### WHAT YOU HAVE TO DO
Give back every record below in full and exactly, but without a single image.

[Images for object localization]
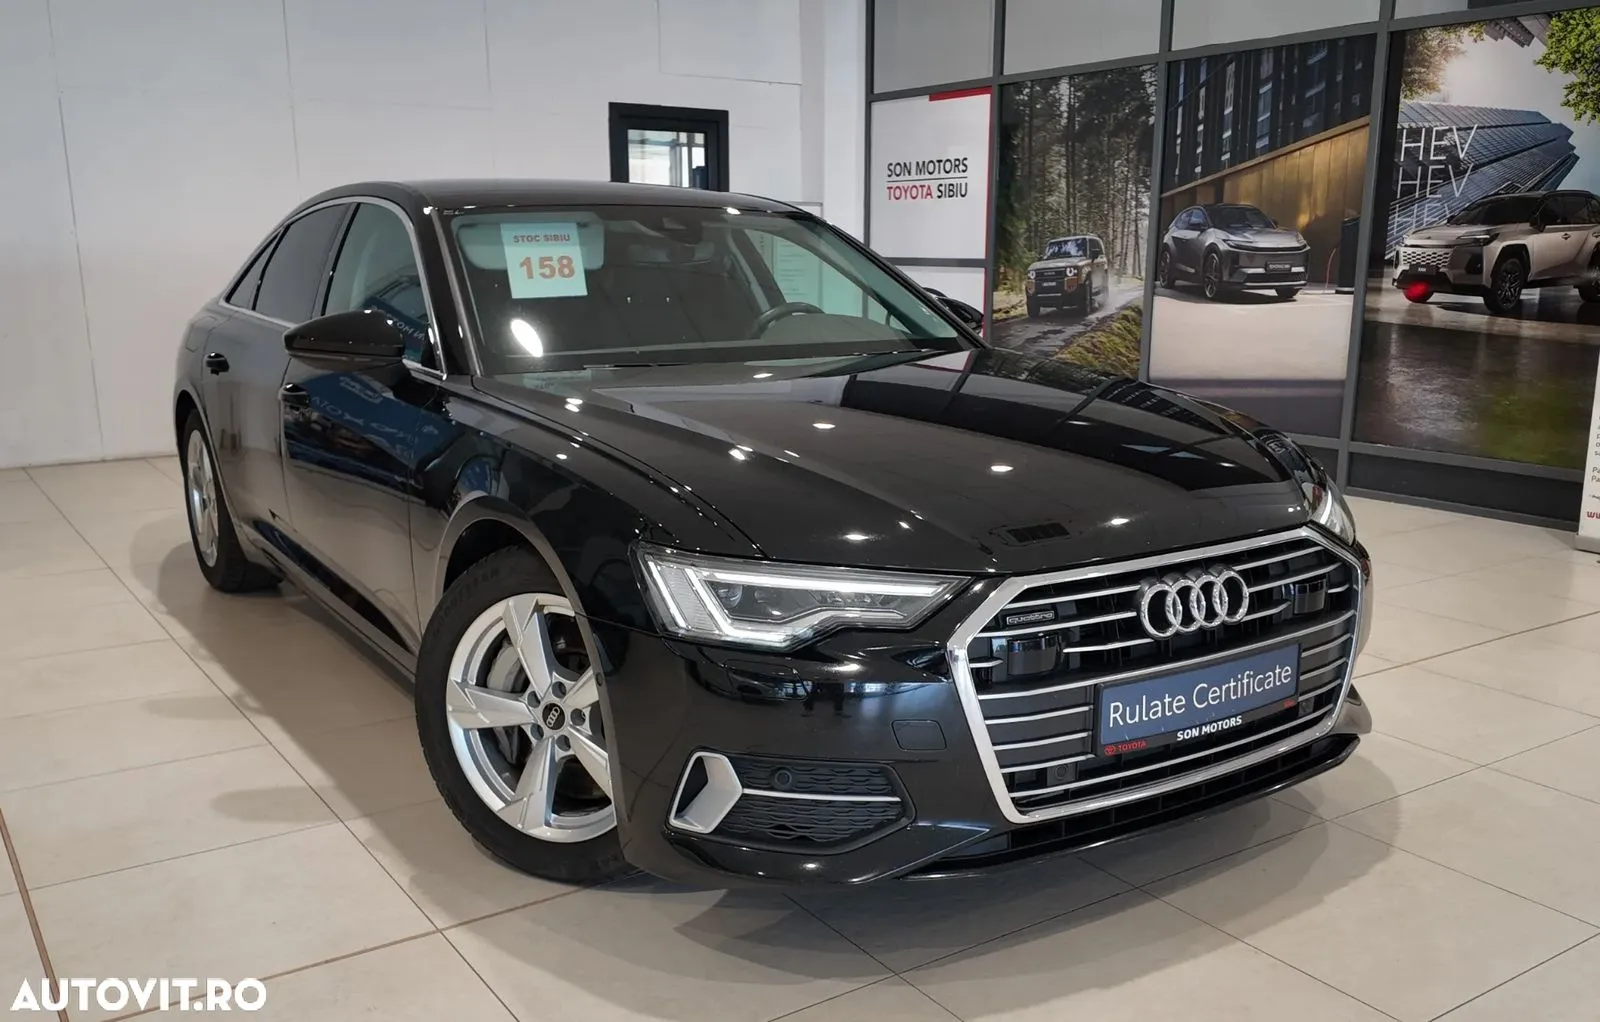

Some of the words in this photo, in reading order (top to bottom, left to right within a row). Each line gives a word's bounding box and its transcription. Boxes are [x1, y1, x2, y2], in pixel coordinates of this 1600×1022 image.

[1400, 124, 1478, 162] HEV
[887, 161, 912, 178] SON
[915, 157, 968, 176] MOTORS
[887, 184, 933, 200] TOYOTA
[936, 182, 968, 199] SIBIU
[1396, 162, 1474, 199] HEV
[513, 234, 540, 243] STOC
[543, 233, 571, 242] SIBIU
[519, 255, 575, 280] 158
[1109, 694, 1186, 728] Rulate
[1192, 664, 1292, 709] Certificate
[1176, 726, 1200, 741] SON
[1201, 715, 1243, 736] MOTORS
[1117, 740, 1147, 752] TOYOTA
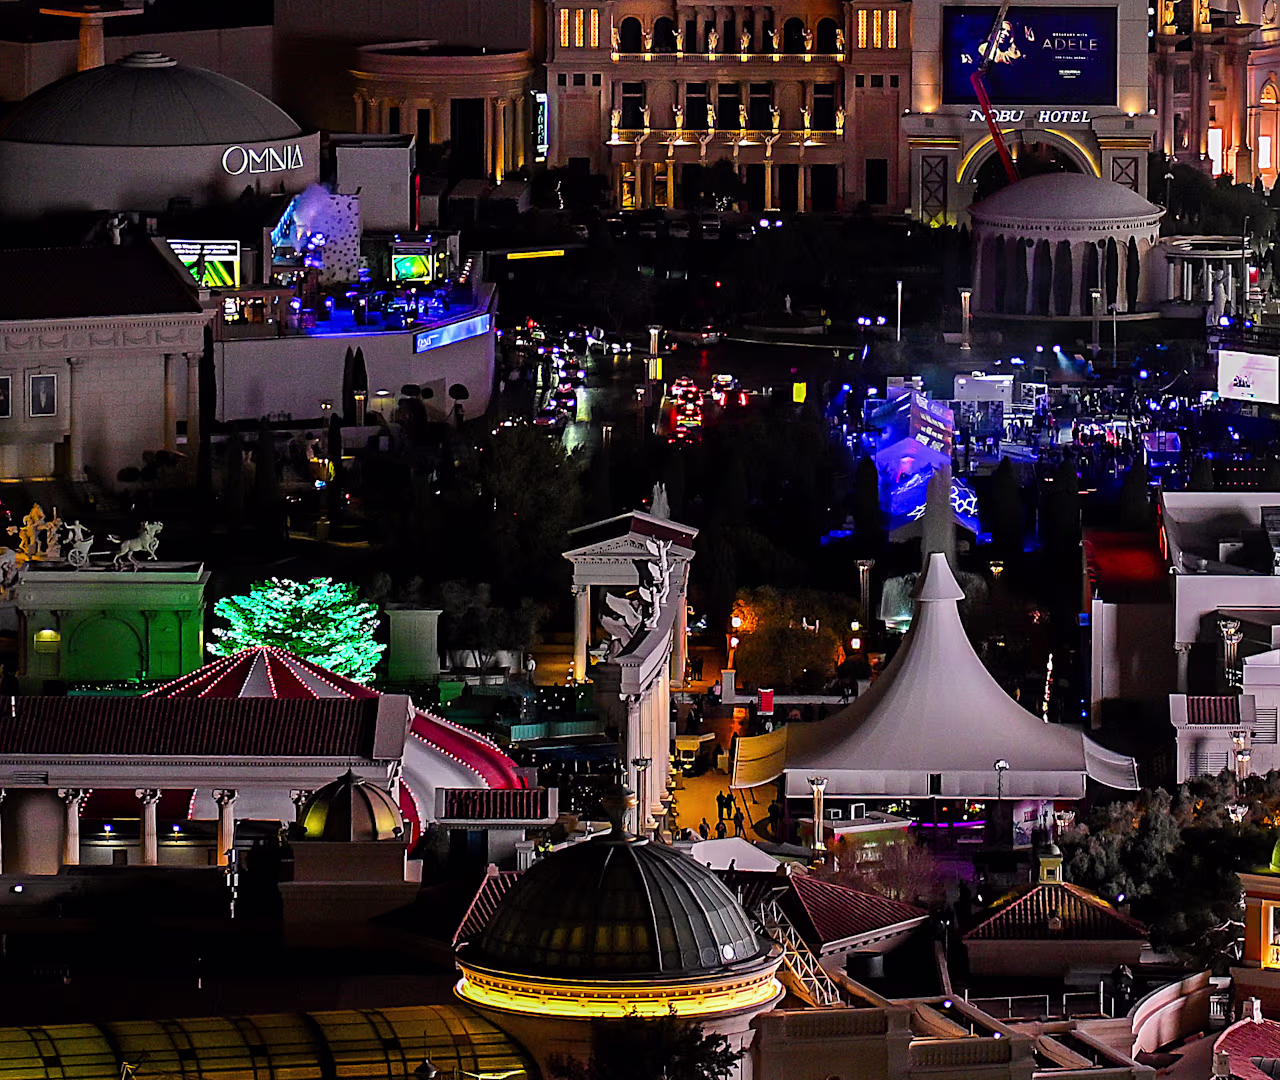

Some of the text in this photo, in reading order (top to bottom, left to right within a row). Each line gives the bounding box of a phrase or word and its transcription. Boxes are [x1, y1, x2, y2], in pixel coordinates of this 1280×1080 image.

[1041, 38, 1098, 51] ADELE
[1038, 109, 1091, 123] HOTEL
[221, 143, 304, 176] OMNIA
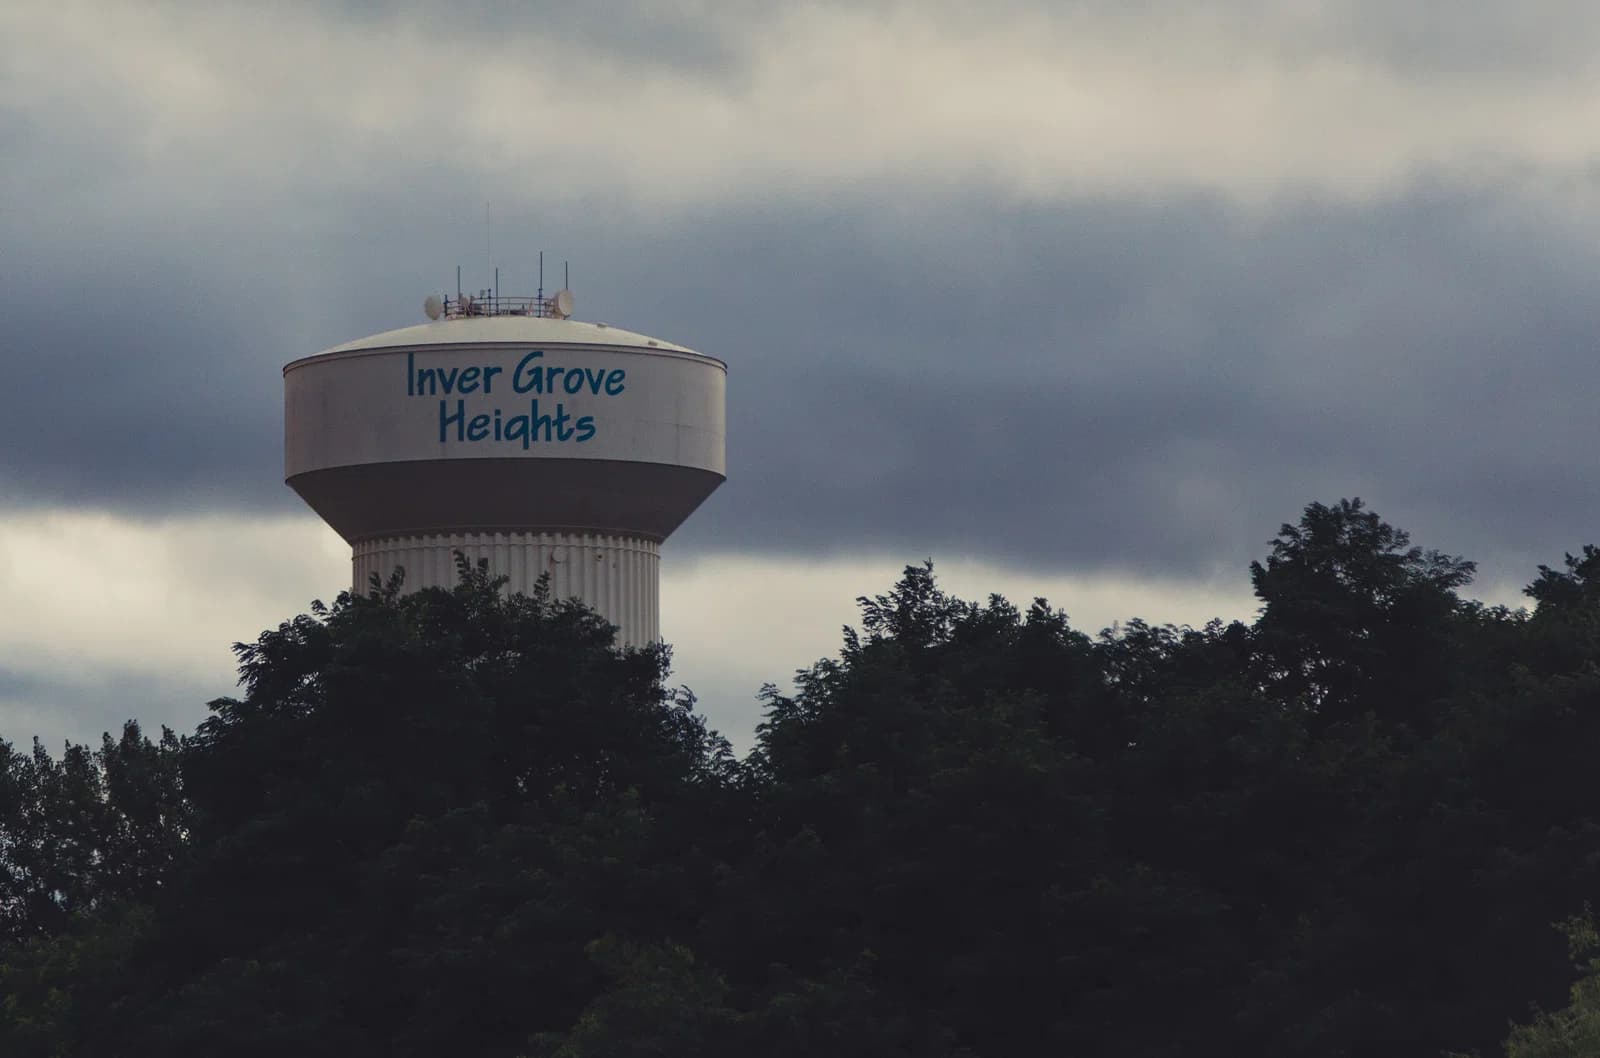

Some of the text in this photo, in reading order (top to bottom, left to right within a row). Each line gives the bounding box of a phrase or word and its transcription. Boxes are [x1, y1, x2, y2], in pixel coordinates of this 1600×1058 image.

### SOLUTION TO THE PROBLEM
Some of the words in this photo, in reading order (top to bottom, left to right within a row). Each line gives a word's bounding box and its transcription. Boxes are [x1, y1, x2, y2], in pixel coordinates of this 1600×1022 image.

[1400, 124, 1478, 162] HEV
[887, 161, 912, 178] SON
[915, 157, 968, 176] MOTORS
[887, 184, 933, 200] TOYOTA
[936, 182, 968, 199] SIBIU
[1396, 162, 1474, 199] HEV
[513, 234, 540, 243] STOC
[543, 233, 571, 242] SIBIU
[519, 255, 575, 280] 158
[1109, 694, 1186, 728] Rulate
[1192, 664, 1292, 709] Certificate
[1176, 726, 1200, 741] SON
[1201, 715, 1243, 736] MOTORS
[1117, 740, 1147, 752] TOYOTA

Some of the text in this photo, in reading order (top to bottom, left to right within a row). Each line gives the bounding box of a phrase or word and its transcription. Boxes are [x1, y1, x2, y2], in pixel coordinates of this 1280×1080 image.

[1041, 38, 1098, 51] ADELE
[1038, 109, 1091, 123] HOTEL
[221, 143, 304, 176] OMNIA

Some of the text in this photo, in reading order (top to bottom, left to right within a row). Each line gives the bounding box of a phrase or word and its transcription. Boxes are [x1, y1, x2, y2], in pixel coordinates of this 1600×1058 image.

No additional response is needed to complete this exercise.